◆ TASK REQUIREMENTS
Transcribe each entry exactly as it appears, leaving out any picture it holds.

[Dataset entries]

·····

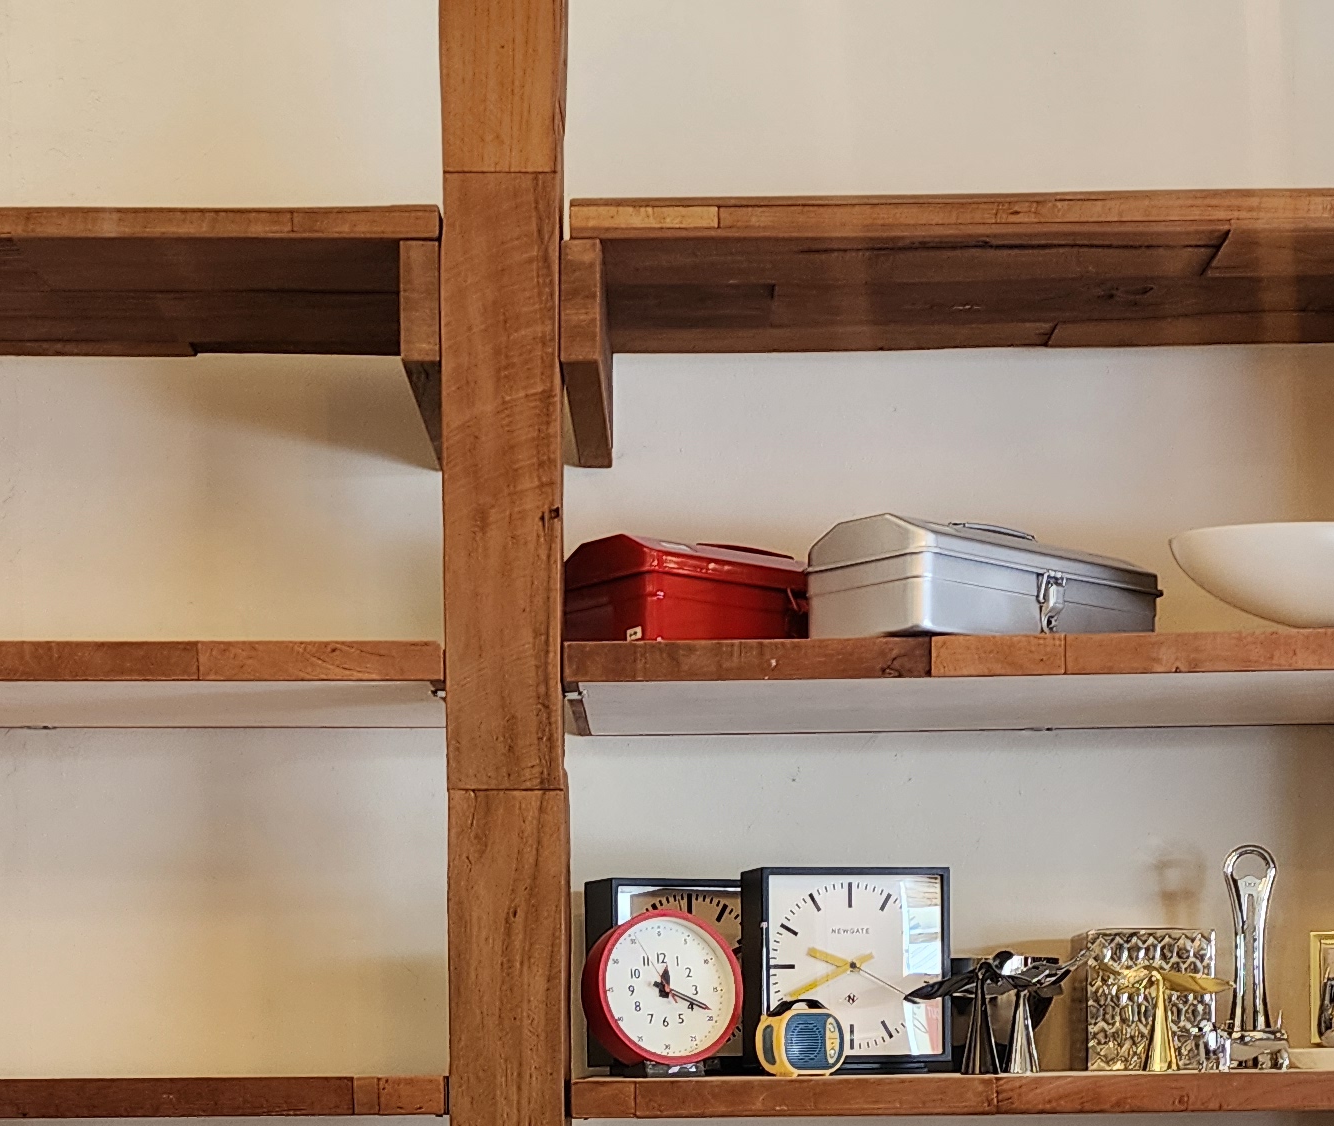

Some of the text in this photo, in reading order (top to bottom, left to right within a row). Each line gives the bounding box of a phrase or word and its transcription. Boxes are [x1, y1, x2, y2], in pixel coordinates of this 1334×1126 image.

[642, 956, 649, 966] 11
[656, 952, 667, 964] 12
[676, 956, 679, 966] 1
[630, 968, 641, 979] 10
[685, 967, 692, 978] 2
[628, 985, 635, 996] 9
[692, 984, 699, 996] 3
[635, 1001, 641, 1012] 8
[687, 1002, 694, 1012] 4
[647, 1014, 653, 1024] 7
[663, 1016, 669, 1028] 6
[678, 1014, 685, 1024] 5
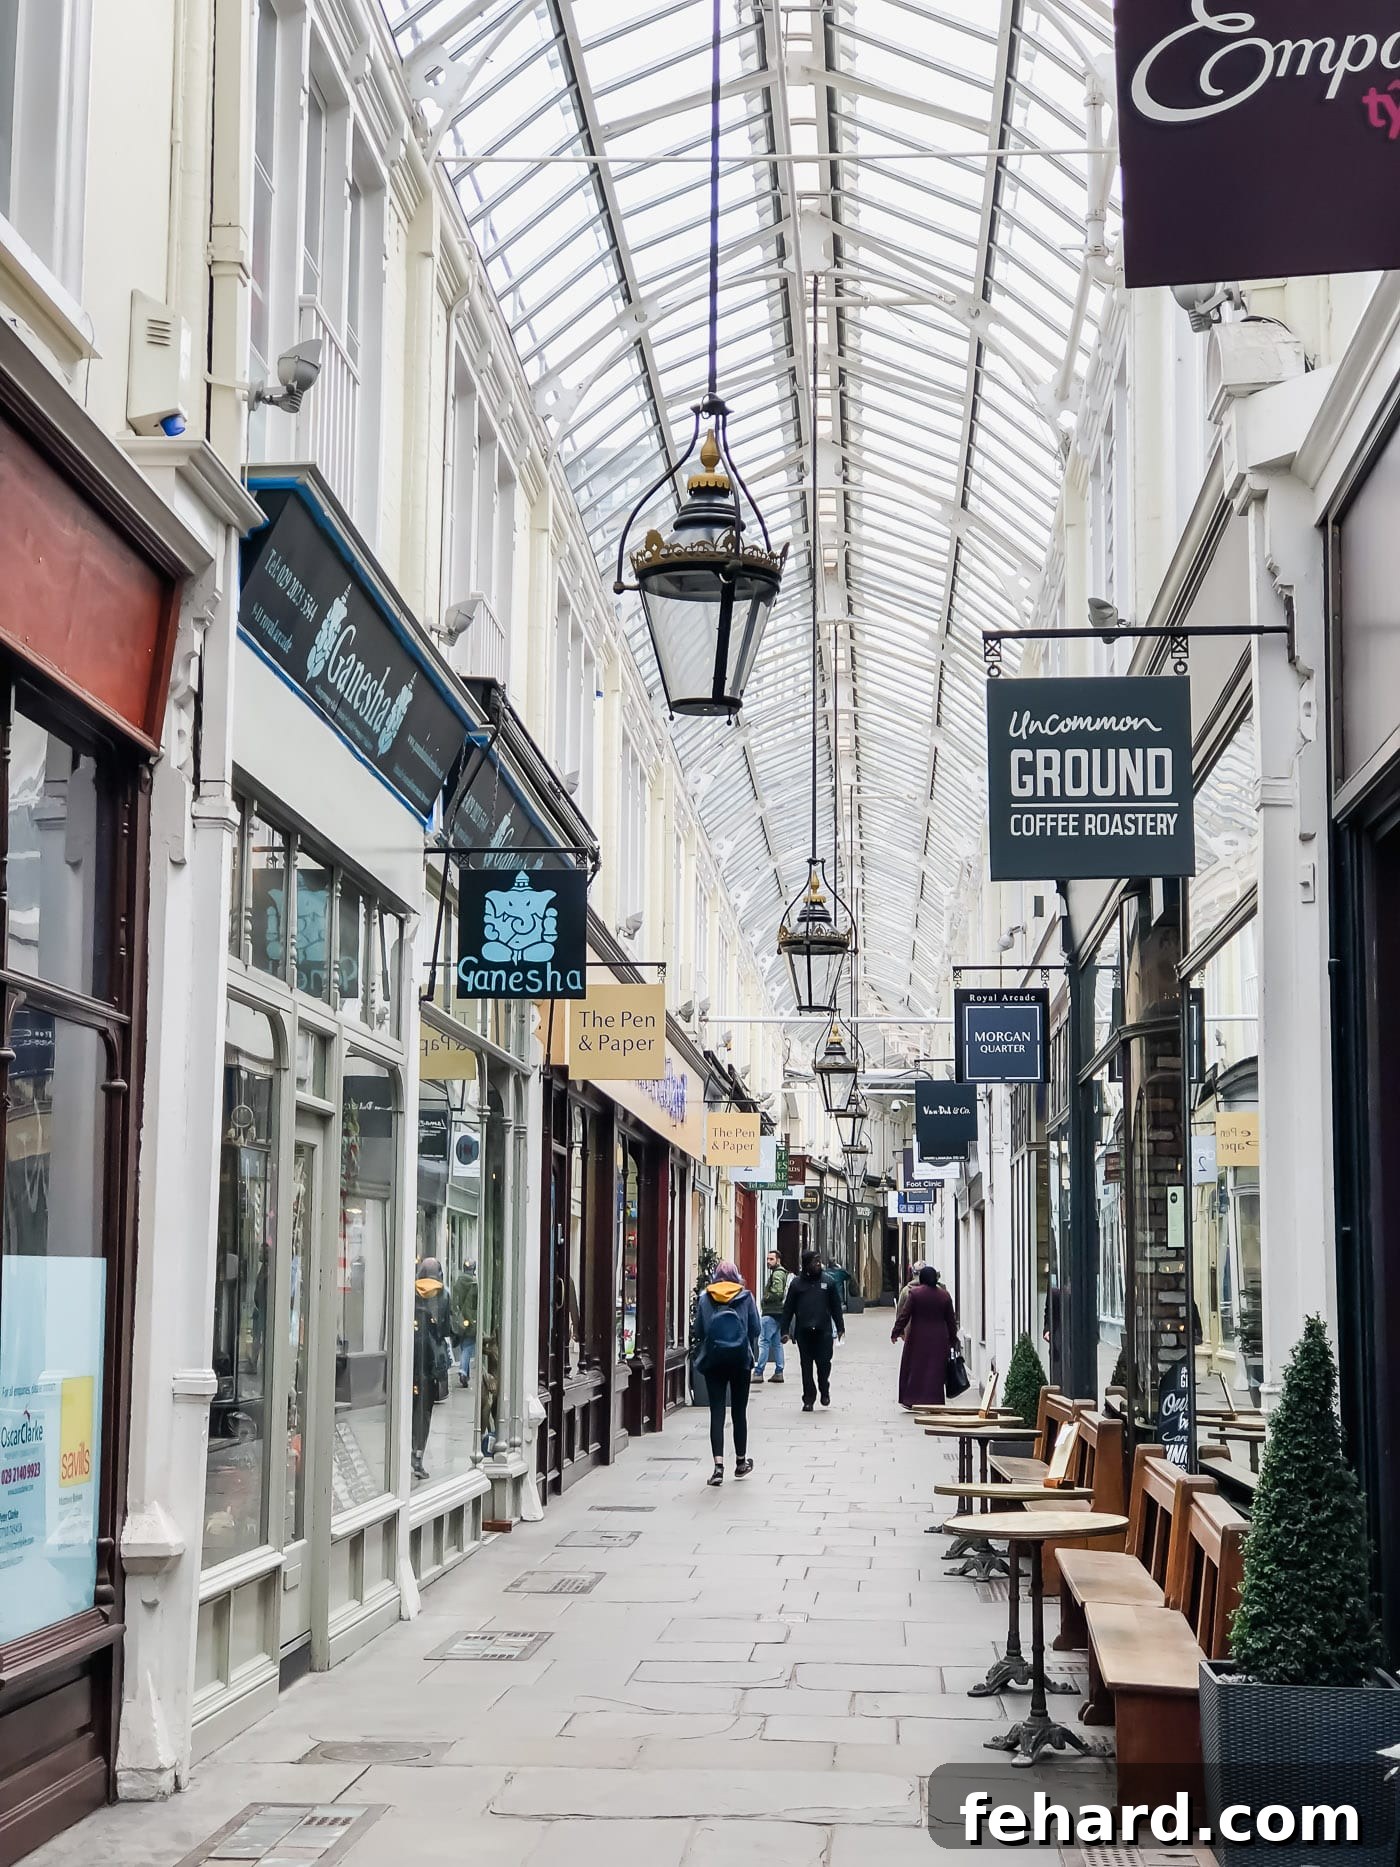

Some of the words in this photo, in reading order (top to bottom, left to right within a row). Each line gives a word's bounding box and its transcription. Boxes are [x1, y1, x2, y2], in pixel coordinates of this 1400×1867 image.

[265, 549, 281, 579] Tel:
[276, 564, 293, 589] 029
[286, 577, 306, 606] 2023
[300, 594, 318, 622] 5544
[327, 624, 392, 733] Ganesha
[1010, 748, 1173, 797] GROUND
[1010, 813, 1079, 836] COFFEE
[1084, 813, 1178, 836] ROASTERY
[457, 956, 584, 993] Ganesha
[969, 993, 998, 1003] Royal
[1001, 993, 1036, 1002] Arcade
[578, 1010, 615, 1028] The
[621, 1010, 656, 1028] Pen
[578, 1034, 593, 1051] &
[598, 1034, 655, 1056] Paper
[974, 1031, 1031, 1042] MORGAN
[980, 1044, 1026, 1053] QUARTER
[711, 1127, 732, 1138] The
[735, 1127, 755, 1138] Pen
[711, 1142, 720, 1150] &
[722, 1142, 754, 1153] Paper
[61, 1441, 90, 1480] savills
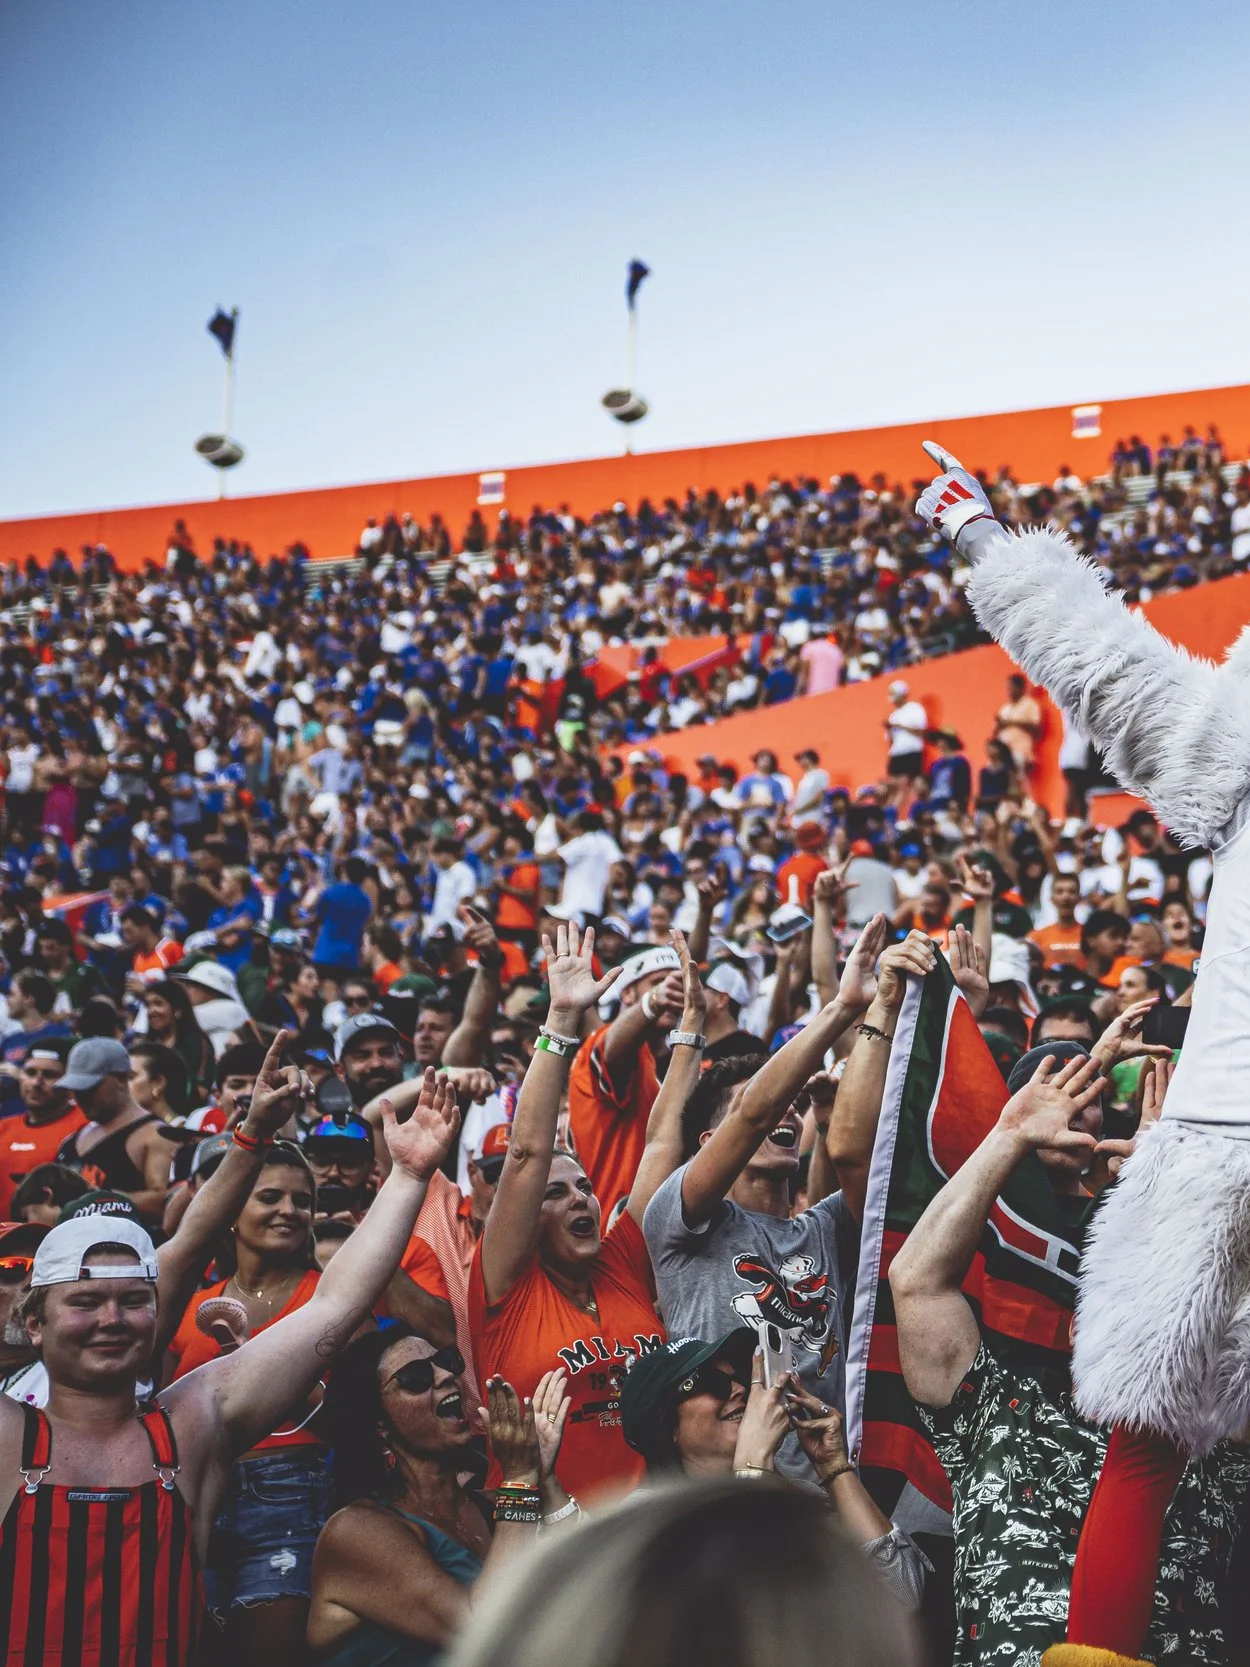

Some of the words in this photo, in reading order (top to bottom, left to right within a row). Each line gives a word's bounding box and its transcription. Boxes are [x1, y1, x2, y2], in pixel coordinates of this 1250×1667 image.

·····

◆ SOLUTION BELOW
Some of the text in this photo, in reading order (top to bottom, left to right within a row). Each line gives the bounding box of a phrase or word and its transcription. Boxes are [x1, y1, x2, y2], in pixel coordinates of this 1334×1126 image.

[642, 956, 649, 966] 11
[656, 952, 667, 964] 12
[676, 956, 679, 966] 1
[630, 968, 641, 979] 10
[685, 967, 692, 978] 2
[628, 985, 635, 996] 9
[692, 984, 699, 996] 3
[635, 1001, 641, 1012] 8
[687, 1002, 694, 1012] 4
[647, 1014, 653, 1024] 7
[663, 1016, 669, 1028] 6
[678, 1014, 685, 1024] 5

Some of the words in this photo, in reading order (top to bottom, left to right within a row). Each line gives a word's bounding box and its transcription. Boxes are [x1, y1, x2, y2], in pixel coordinates of this 1400×1867 image.

[265, 549, 281, 579] Tel:
[276, 564, 293, 589] 029
[286, 577, 306, 606] 2023
[300, 594, 318, 622] 5544
[327, 624, 392, 733] Ganesha
[1010, 748, 1173, 797] GROUND
[1010, 813, 1079, 836] COFFEE
[1084, 813, 1178, 836] ROASTERY
[457, 956, 584, 993] Ganesha
[969, 993, 998, 1003] Royal
[1001, 993, 1036, 1002] Arcade
[578, 1010, 615, 1028] The
[621, 1010, 656, 1028] Pen
[578, 1034, 593, 1051] &
[598, 1034, 655, 1056] Paper
[974, 1031, 1031, 1042] MORGAN
[980, 1044, 1026, 1053] QUARTER
[711, 1127, 732, 1138] The
[735, 1127, 755, 1138] Pen
[711, 1142, 720, 1150] &
[722, 1142, 754, 1153] Paper
[61, 1441, 90, 1480] savills

Some of the words in this photo, in reading order (top to bottom, left to right within a row). Each line gives a word's bounding box and its transcription. Boxes are [x1, y1, x2, y2], in pixel coordinates of this 1250×1667 image.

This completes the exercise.